Assigned task: Restate the following entries exactly, including every line.

Dataset excerpts:
↓↓↓

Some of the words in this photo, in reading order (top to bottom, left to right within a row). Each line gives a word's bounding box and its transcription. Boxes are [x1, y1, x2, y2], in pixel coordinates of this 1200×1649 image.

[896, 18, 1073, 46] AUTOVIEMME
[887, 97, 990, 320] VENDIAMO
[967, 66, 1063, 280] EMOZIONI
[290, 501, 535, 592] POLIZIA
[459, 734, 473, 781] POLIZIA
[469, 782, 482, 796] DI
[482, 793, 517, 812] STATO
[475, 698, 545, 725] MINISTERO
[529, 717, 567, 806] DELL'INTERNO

↑↑↑

Output for this exercise:
Some of the words in this photo, in reading order (top to bottom, left to right within a row). Each line gives a word's bounding box and its transcription. Boxes are [x1, y1, x2, y2], in pixel coordinates of this 1200×1649 image.

[896, 18, 1073, 46] AUTOVIEMME
[887, 97, 990, 320] VENDIAMO
[967, 66, 1063, 280] EMOZIONI
[290, 501, 535, 592] POLIZIA
[459, 734, 473, 781] POLIZIA
[469, 782, 482, 796] DI
[482, 793, 517, 812] STATO
[475, 698, 545, 725] MINISTERO
[529, 717, 567, 806] DELL'INTERNO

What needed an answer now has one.